# DIRECTIONS FOR THIS TASK:
Leave out the pictures and copy everything else in the entries exactly.

# DATA FOR THIS TASK:
● ● ● ● ● ● ●

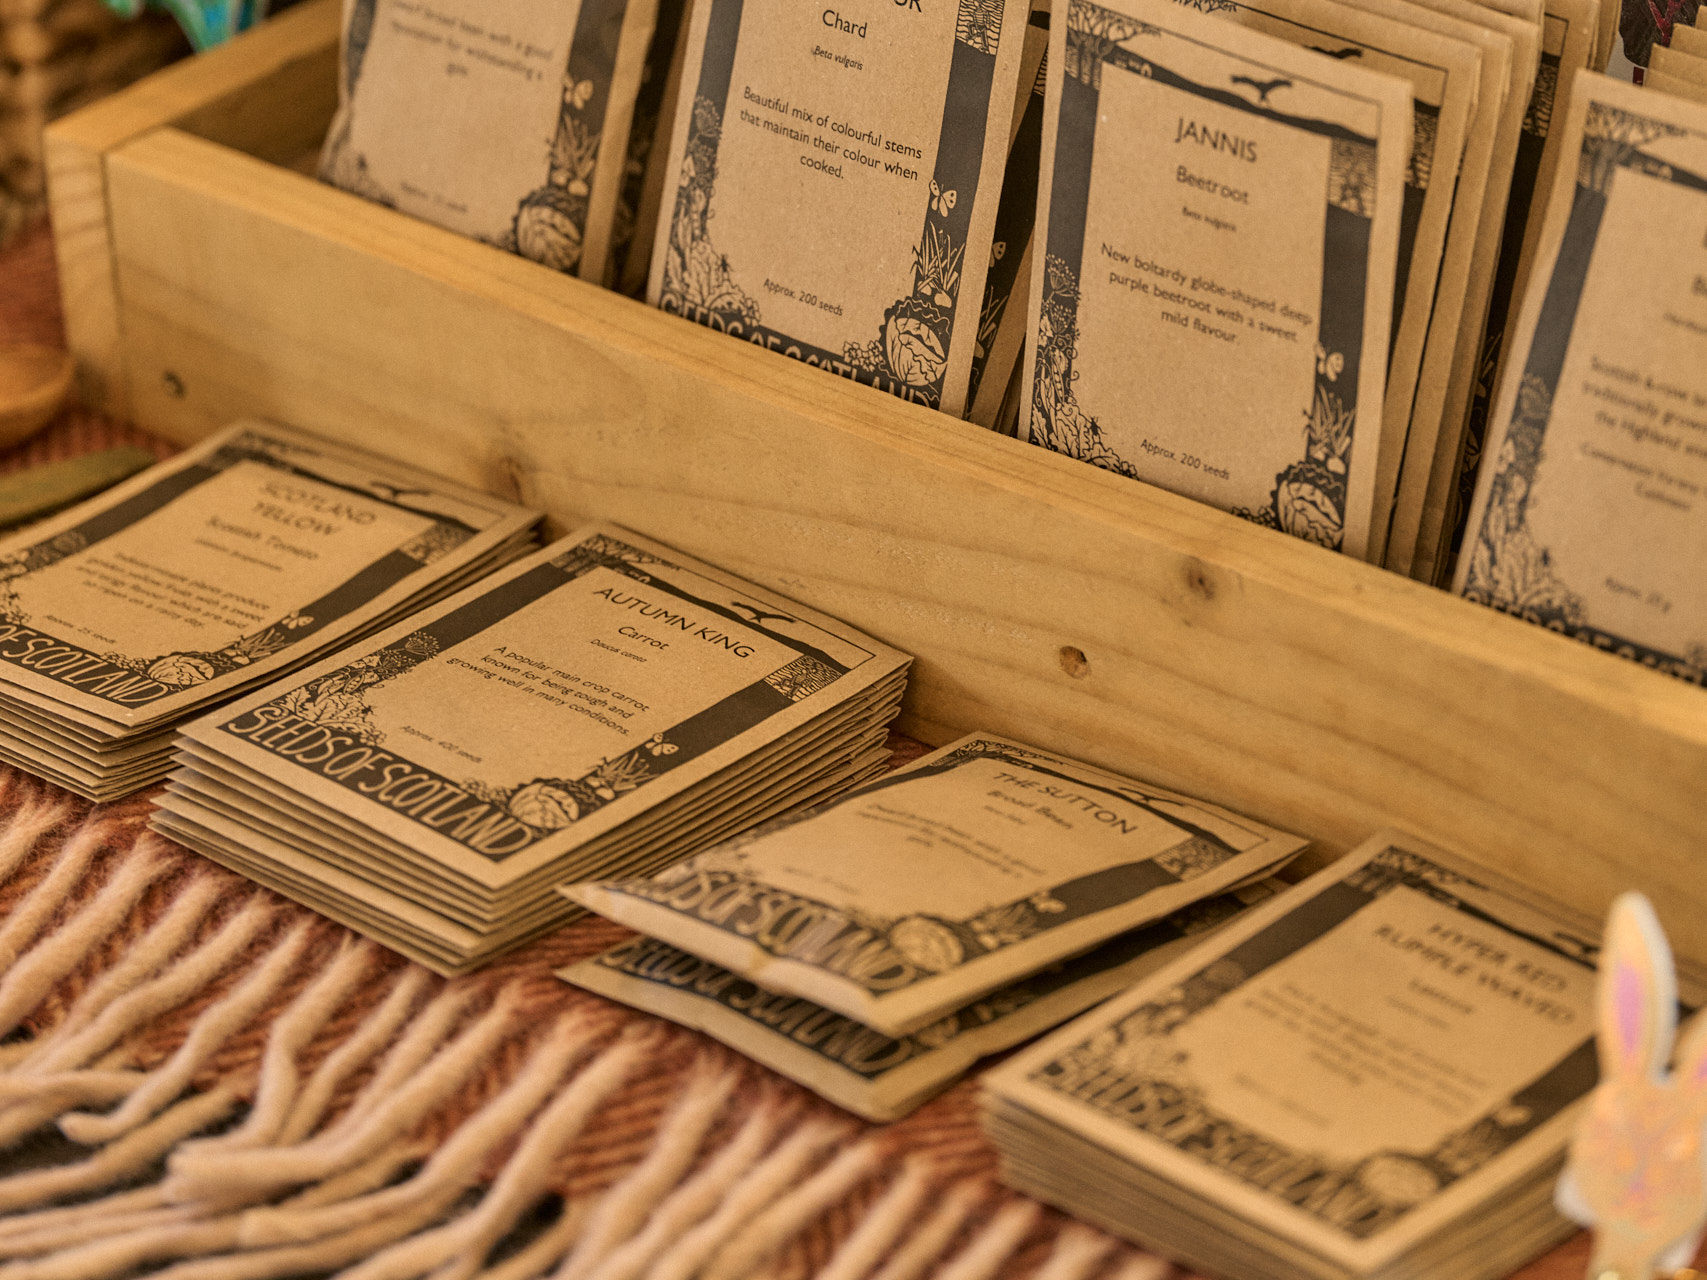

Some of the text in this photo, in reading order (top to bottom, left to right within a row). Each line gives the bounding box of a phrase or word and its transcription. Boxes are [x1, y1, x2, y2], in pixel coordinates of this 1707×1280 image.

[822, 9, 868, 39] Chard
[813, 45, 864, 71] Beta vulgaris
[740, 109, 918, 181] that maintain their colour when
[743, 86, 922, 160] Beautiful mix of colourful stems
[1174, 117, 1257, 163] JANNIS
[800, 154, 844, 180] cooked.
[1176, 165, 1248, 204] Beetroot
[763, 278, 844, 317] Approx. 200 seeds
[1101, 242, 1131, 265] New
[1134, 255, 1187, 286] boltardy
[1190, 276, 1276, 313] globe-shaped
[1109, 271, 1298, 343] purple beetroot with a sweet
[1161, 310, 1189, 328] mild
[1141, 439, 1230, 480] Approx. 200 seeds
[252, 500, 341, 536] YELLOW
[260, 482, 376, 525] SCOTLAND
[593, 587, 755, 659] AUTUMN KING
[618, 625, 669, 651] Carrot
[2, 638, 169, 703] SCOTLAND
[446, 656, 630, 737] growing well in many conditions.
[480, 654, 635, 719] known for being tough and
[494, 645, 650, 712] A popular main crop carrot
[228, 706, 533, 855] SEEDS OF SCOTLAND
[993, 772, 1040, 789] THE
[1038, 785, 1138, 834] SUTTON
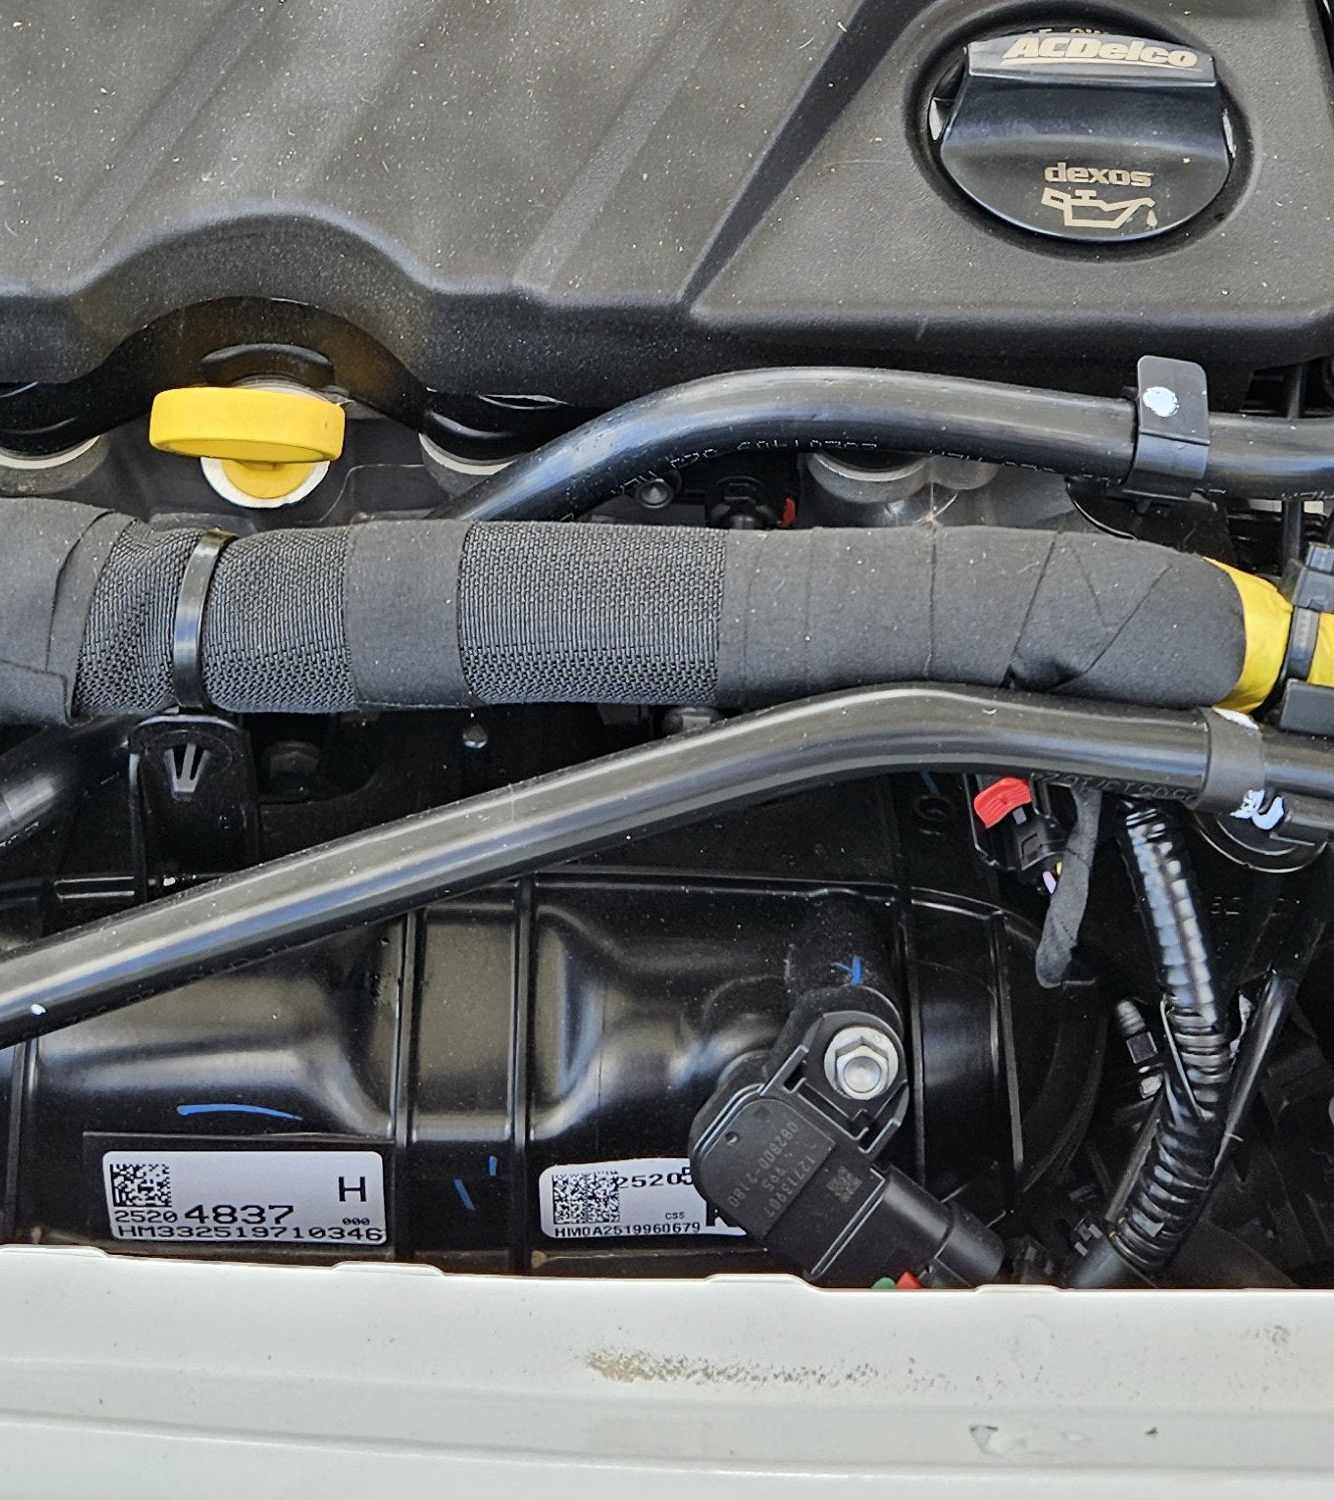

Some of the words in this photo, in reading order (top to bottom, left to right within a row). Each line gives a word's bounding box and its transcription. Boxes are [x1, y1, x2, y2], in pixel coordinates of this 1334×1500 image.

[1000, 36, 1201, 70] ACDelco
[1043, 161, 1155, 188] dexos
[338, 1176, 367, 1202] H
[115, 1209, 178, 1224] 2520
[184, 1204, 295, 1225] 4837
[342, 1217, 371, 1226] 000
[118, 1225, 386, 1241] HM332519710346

● ● ● ● ● ● ●

# SOLUTION BELOW:
Some of the text in this photo, in reading order (top to bottom, left to right within a row). Each line gives the bounding box of a phrase or word and its transcription. Boxes are [x1, y1, x2, y2], in pixel coordinates of this 1707×1280 image.

[822, 9, 868, 39] Chard
[813, 45, 864, 71] Beta vulgaris
[740, 109, 918, 181] that maintain their colour when
[743, 86, 922, 160] Beautiful mix of colourful stems
[1174, 117, 1257, 163] JANNIS
[800, 154, 844, 180] cooked.
[1176, 165, 1248, 204] Beetroot
[763, 278, 844, 317] Approx. 200 seeds
[1101, 242, 1131, 265] New
[1134, 255, 1187, 286] boltardy
[1190, 276, 1276, 313] globe-shaped
[1109, 271, 1298, 343] purple beetroot with a sweet
[1161, 310, 1189, 328] mild
[1141, 439, 1230, 480] Approx. 200 seeds
[252, 500, 341, 536] YELLOW
[260, 482, 376, 525] SCOTLAND
[593, 587, 755, 659] AUTUMN KING
[618, 625, 669, 651] Carrot
[2, 638, 169, 703] SCOTLAND
[446, 656, 630, 737] growing well in many conditions.
[480, 654, 635, 719] known for being tough and
[494, 645, 650, 712] A popular main crop carrot
[228, 706, 533, 855] SEEDS OF SCOTLAND
[993, 772, 1040, 789] THE
[1038, 785, 1138, 834] SUTTON

Some of the words in this photo, in reading order (top to bottom, left to right within a row). Each line gives a word's bounding box and its transcription. Boxes are [x1, y1, x2, y2], in pixel coordinates of this 1334×1500 image.

[1000, 36, 1201, 70] ACDelco
[1043, 161, 1155, 188] dexos
[338, 1176, 367, 1202] H
[115, 1209, 178, 1224] 2520
[184, 1204, 295, 1225] 4837
[342, 1217, 371, 1226] 000
[118, 1225, 386, 1241] HM332519710346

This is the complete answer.